Portishead Foto: Reprodução

Há 30 anos, Portishead ganhava o mundo com ‘Dummy’, sua versão negativada do hip-hop

Jota Wagner
Por Jota Wagner

Dummy chegou às lojas no dia 22 de agosto de um ano em que tudo de bom estava acontecendo com a música eletrônica. E ainda assim, deixou todo mundo de queixo caído

Como seria o hip-hop se tivesse sido inventado em outro lugar? Em uma terra de brancos, onde não existem as quebradas periféricas, a desigualdade social extrema, e onde as maiores dores da juventude são a melancolia de uma terra sem esperança? Onde a neblina cobre as ruas e calçadas, tingindo de cinza boa parte do que se vê, onde as janelas ficam meses sem serem abertas para a entrada do sol e cujas estações do ano são tão opressoras que determinam até mesmo a música que se ouve (e que os artistas devem produzir e lançar)?
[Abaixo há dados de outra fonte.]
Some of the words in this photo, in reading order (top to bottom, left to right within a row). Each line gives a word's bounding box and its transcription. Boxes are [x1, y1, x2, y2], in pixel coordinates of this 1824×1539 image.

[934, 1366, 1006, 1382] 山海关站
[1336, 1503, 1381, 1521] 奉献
Há exatos 30 anos, o trio inglês Portishead nos dava esta resposta ao lançar Dummy, seu aclamado álbum de estreia. Criados em Bristol, no sudoeste da Inglaterra, Beth Gibbons, Geoff Barrow e Adrian Utley apresentaram ao mundo um negativo do hip-hop, roubando suas técnicas de produção e ritmos, e eliminando as rimas para, em seu lugar, posicionar a voz fantasmagórica de Gibbons, criando uma espécie de “soul de morto”, apoiado pela dor das milhares de almas ancestrais que ocuparam as margens do Rio Avon em seu derradeiro encontro com o mar Celta.
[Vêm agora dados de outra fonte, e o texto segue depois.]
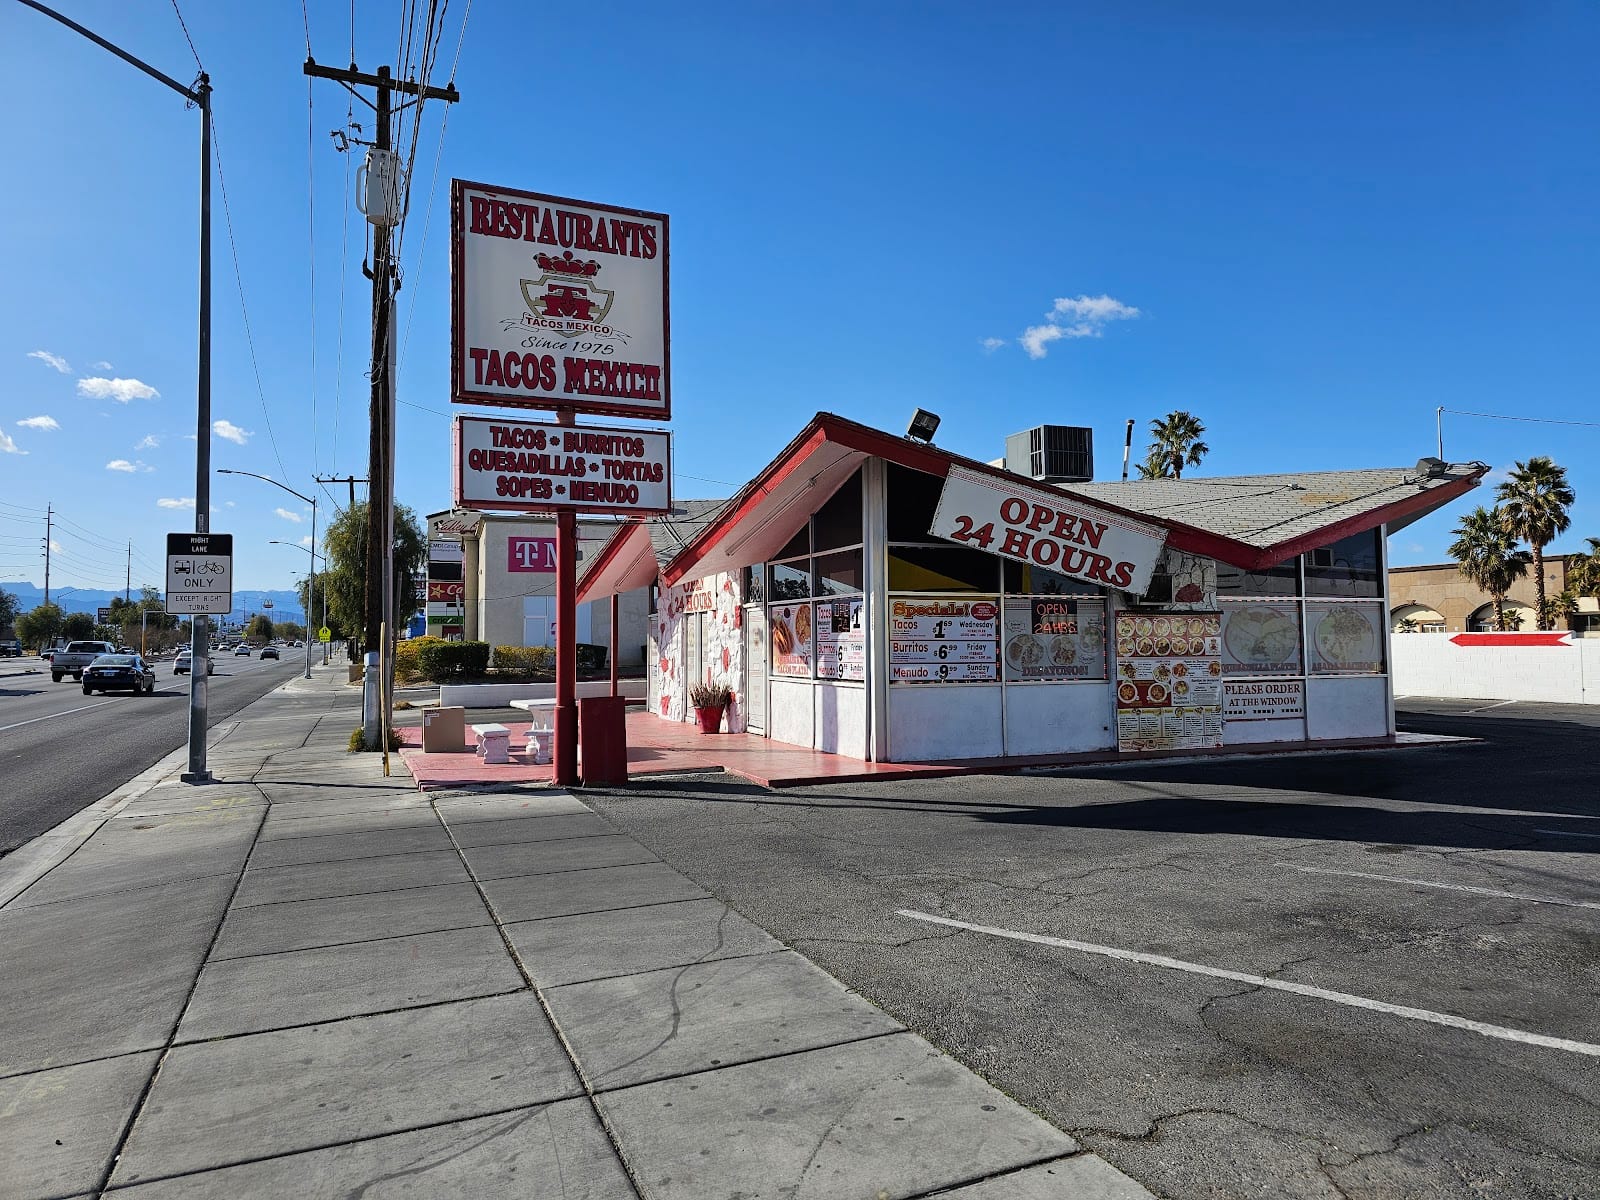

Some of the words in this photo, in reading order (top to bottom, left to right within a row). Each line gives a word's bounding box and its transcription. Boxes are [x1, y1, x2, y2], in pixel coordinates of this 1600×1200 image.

[470, 196, 657, 260] RESTAURANTS
[525, 316, 564, 330] TACOS
[566, 321, 610, 335] MEXICO
[521, 335, 568, 350] Since
[573, 341, 615, 355] 1975
[469, 347, 557, 392] TACOS
[563, 356, 662, 401] MEXICO
[490, 426, 547, 451] TACOS
[563, 432, 645, 458] BURRITOS
[468, 449, 587, 477] QUESADILLAS
[602, 459, 664, 483] TORTAS
[496, 476, 553, 500] SOPES
[569, 480, 640, 505] MENUDO
[1000, 497, 1109, 549] OPEN
[190, 536, 209, 544] RIGHT
[191, 545, 208, 553] LANE
[950, 515, 996, 549] 24
[999, 527, 1136, 588] HOURS
[184, 578, 214, 588] ONLY
[685, 591, 712, 612] HOURS
[892, 601, 971, 619] Specials!
[1036, 603, 1068, 615] OPEN
[893, 619, 918, 630] Tacos
[960, 620, 994, 629] Wednesday
[893, 641, 929, 653] Burritos
[966, 643, 987, 652] Friday
[893, 667, 929, 678] Menudo
[966, 664, 990, 672] Sunday
[1225, 684, 1263, 695] PLEASE
[1265, 683, 1301, 694] ORDER
[1229, 698, 1241, 707] AT
[1241, 698, 1259, 707] THE
[1261, 697, 1298, 706] WINDOW
Embora o Portishead tenha adotado, desde o início, certo desdém à imprensa musical da época, foi ela quem os recebeu de braços abertos e queixo caído, tanto na Europa quanto na Inglaterra. Havia algo único e novo em Dummy, construído sobre a já histórica cara de pau dos ingleses em se apropriar da música americana e transformá-la em algo absolutamente identitário, local, autêntico.

Em 11 faixas absolutamente conectadas, parelhas em qualidade e criatividade, o Portishead foi certeiro. Não gosto muito do termo “na hora certa e no lugar certo”, pois transmite uma ideia de pura sorte. Desconsidera a realidade: a sublime sensibilidade que um artista tem em captar, no vento, aquilo que o mundo precisa ouvir e onde a música precisa ser transformada. Assim foi Dummy.

Lançado pela gravadora Go! Beat Records dia 22 de agosto de 1994, Dummy chegou às lojas trazendo um frescor ao estourado mundo da música eletrônica, dividido entre a febre dançante e hedonista da house music e do techno e o que, na época, começava a ser chamado de trip-hop, cujas raízes estão na mesma Bristol do Portishead. Justamente pela conterraneidade com o gênero aliado a uma certa marra (mais hip-hop?), Gibbons, Barrow e Utley jamais aceitaram ser incluídos neste movimento.

E se considerarmos, ainda, o ambiente em que a música dita eletrônica vivia em 1994, o álbum de estreia ganha ainda mais valor. Uma época em que artistas como Underworld, Orbital, Aphex Twin, The Future Sound Of London e The Prodigy estavam no auge de suas carreiras. Chamar a atenção para a melancólica vinda em uma cidade portuária inglesa, com sua recriação cinemática e fluída das batidas urbanas, só seria possível por um disco perfeito.

Como de fato é Dummy, do Portishead.

Jota Wagner

Jota Wagner escreve, discoteca e faz festas no Brasil e Europa desde o começo da década de 90. Atualmente é repórter especial de cultura no Music Non Stop e produtor cultural na Agência 55. Contribuiu, usando os ouvidos, os pés ou as mãos, com a aurora da música eletrônica brasileira.